Work instruction
Set down all of the entries below exactly, and omit the pictures.

Input for this task
━━━━━━━━━━━━━━━━

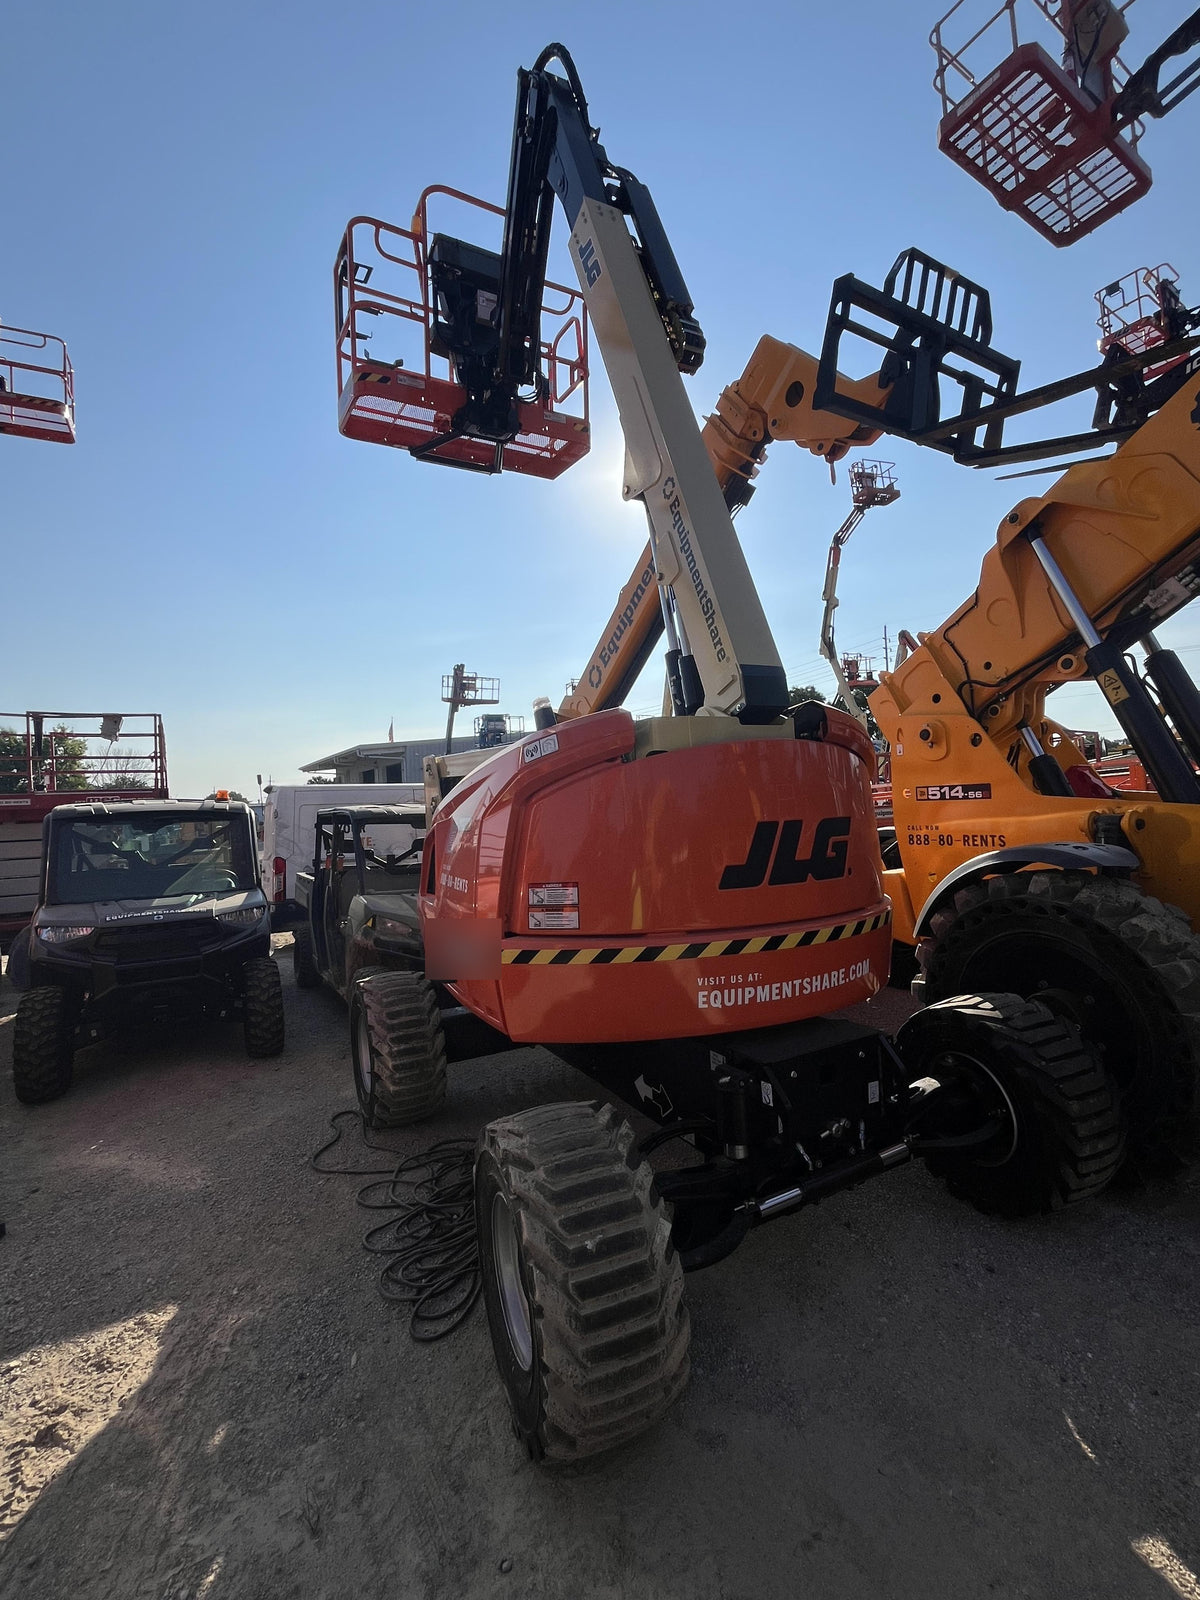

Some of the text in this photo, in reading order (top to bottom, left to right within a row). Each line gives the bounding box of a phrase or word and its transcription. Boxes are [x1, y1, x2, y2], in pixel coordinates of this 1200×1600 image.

[578, 238, 602, 289] JLG
[670, 495, 726, 662] EquipmentShare
[718, 816, 850, 890] JLG
[908, 834, 1006, 848] 888-80-RENTS
[697, 972, 763, 986] VISIT US AT:
[697, 958, 870, 1009] EQUIPMENTSHARE.COM
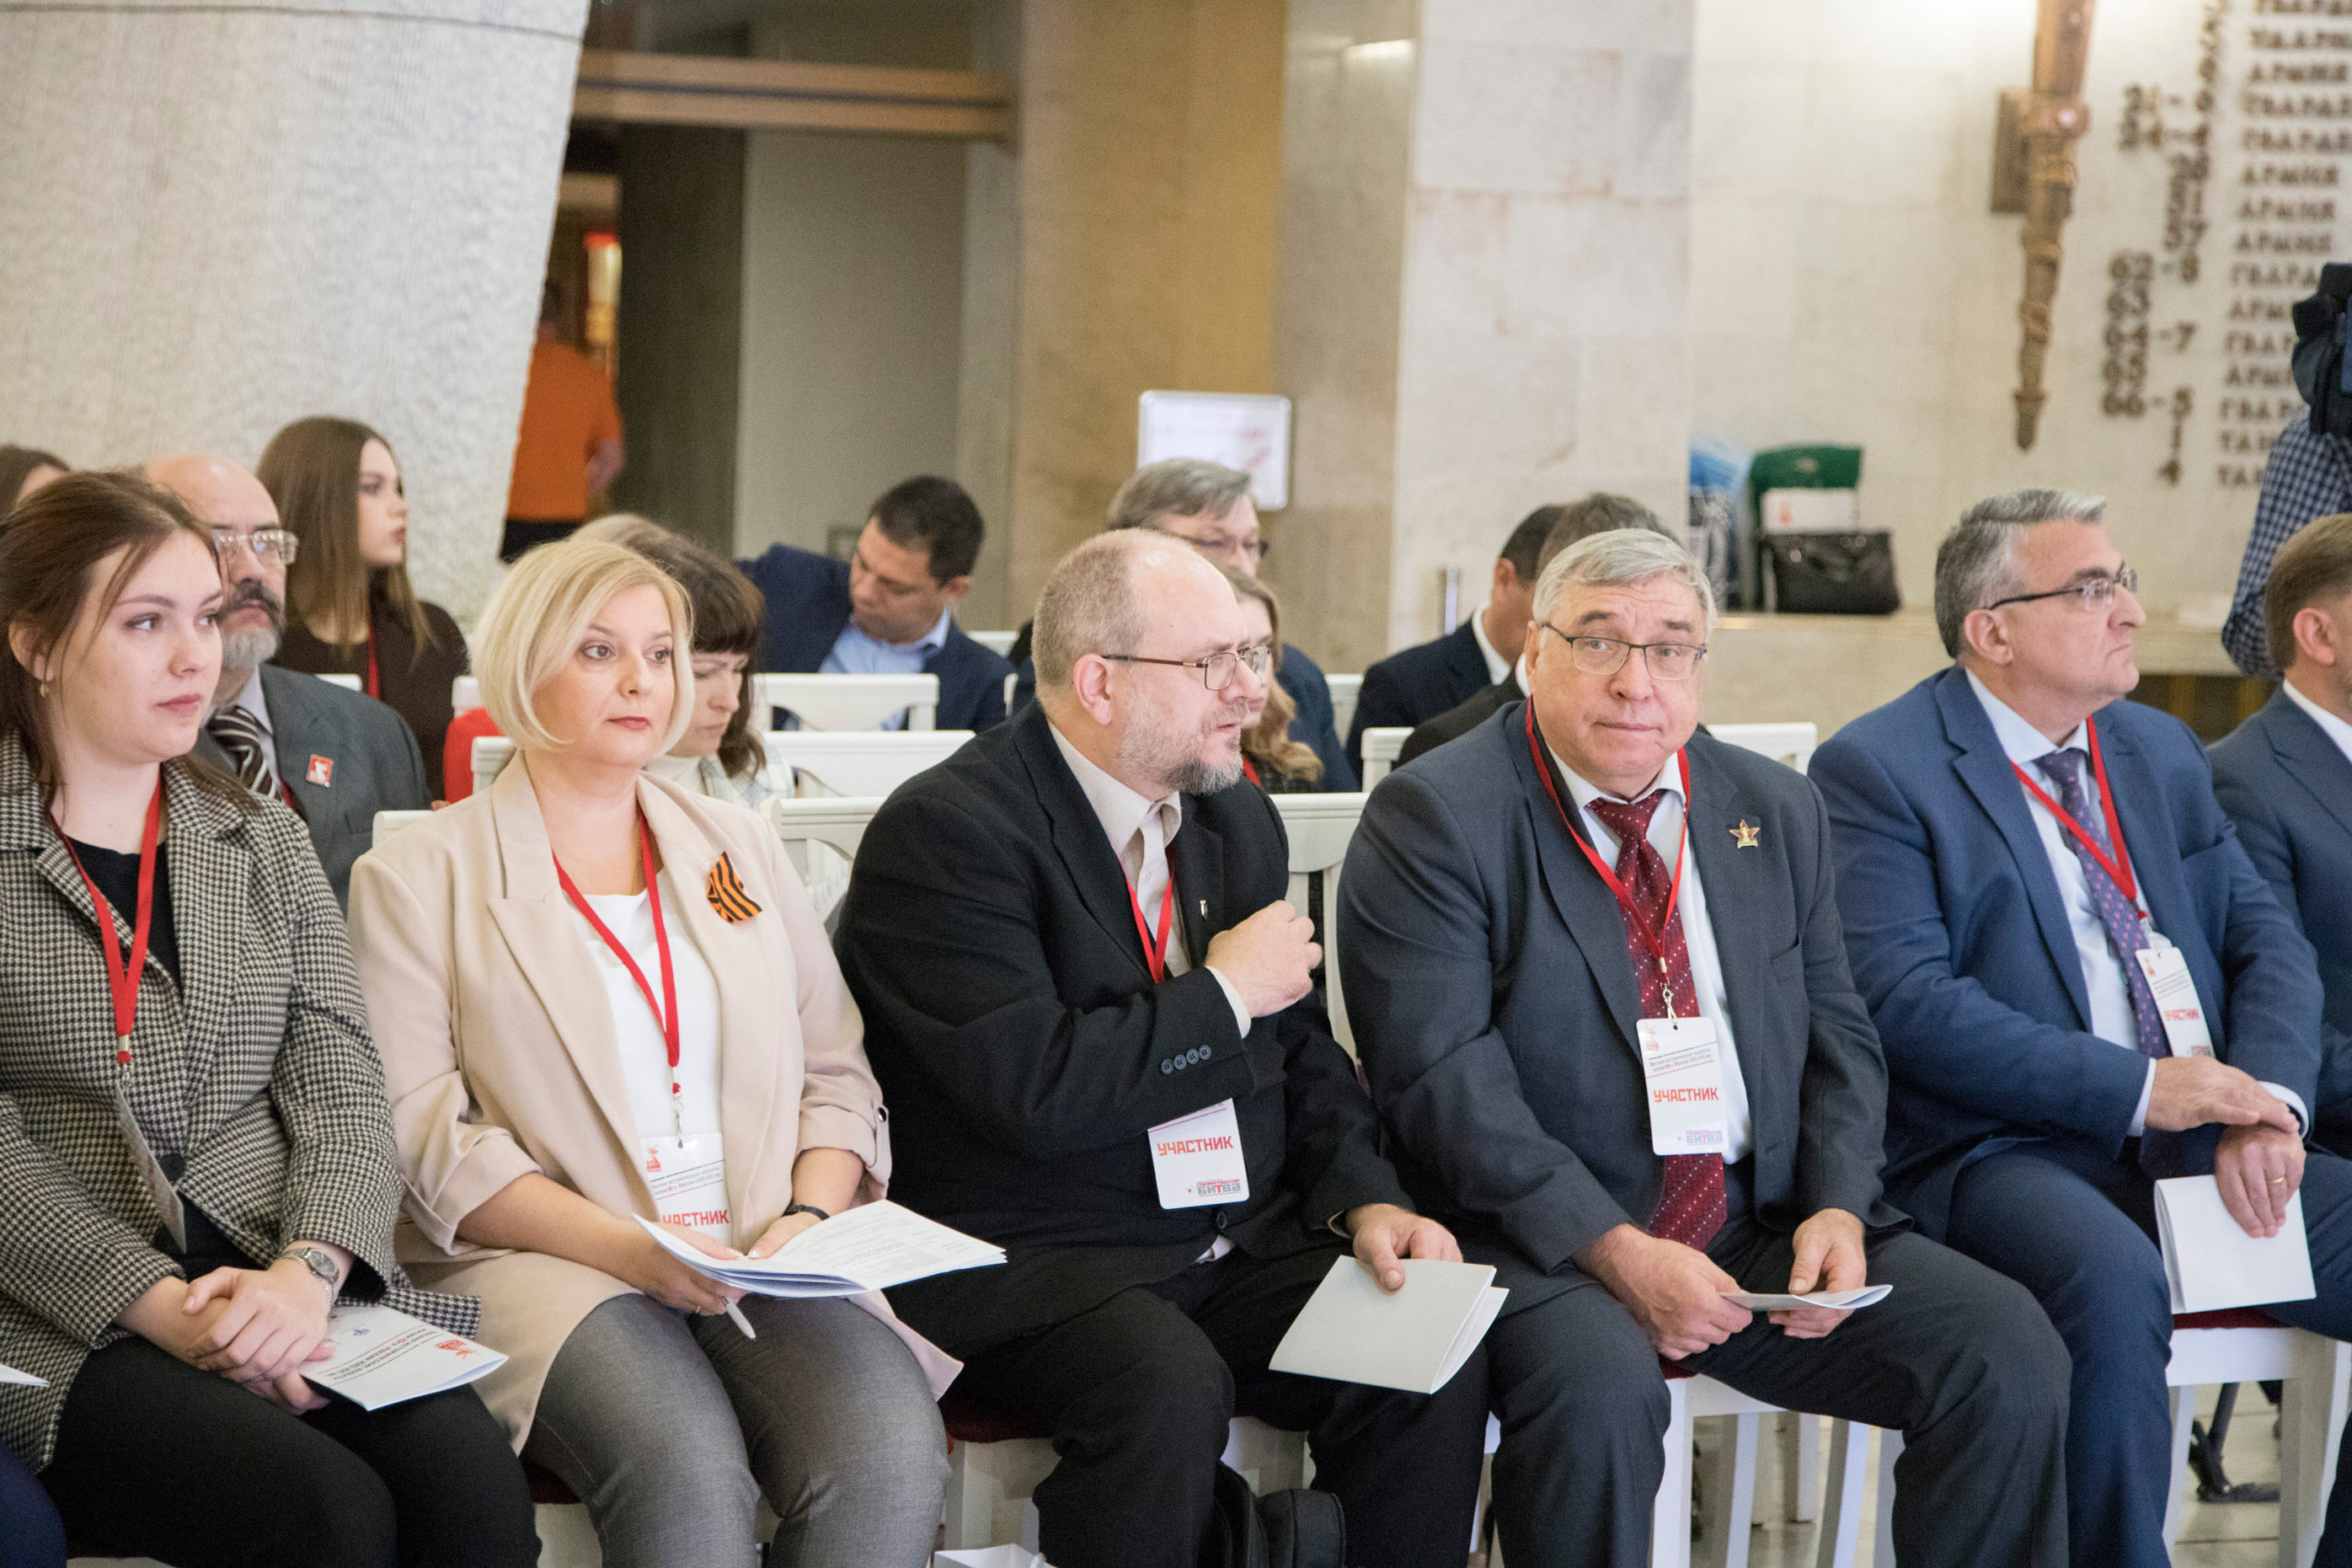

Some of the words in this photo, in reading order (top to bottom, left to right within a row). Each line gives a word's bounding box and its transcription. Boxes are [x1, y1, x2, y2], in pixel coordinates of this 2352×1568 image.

━━━━━━━━━━━━━━━━

Output
Some of the text in this photo, in reading order (top to bottom, left to right within a row). Each line gives the bounding box of a phrase or word and its transcription. Boxes are [x1, y1, x2, y2], in pixel coordinates of this 1200×1600 image.

[578, 238, 602, 289] JLG
[670, 495, 726, 662] EquipmentShare
[718, 816, 850, 890] JLG
[908, 834, 1006, 848] 888-80-RENTS
[697, 972, 763, 986] VISIT US AT:
[697, 958, 870, 1009] EQUIPMENTSHARE.COM

Some of the words in this photo, in reading order (top to bottom, left to right within a row). Each line gives a word's bounding box and its transcription. Boxes are [x1, y1, x2, y2], in pixel coordinates of this 2352×1568 image.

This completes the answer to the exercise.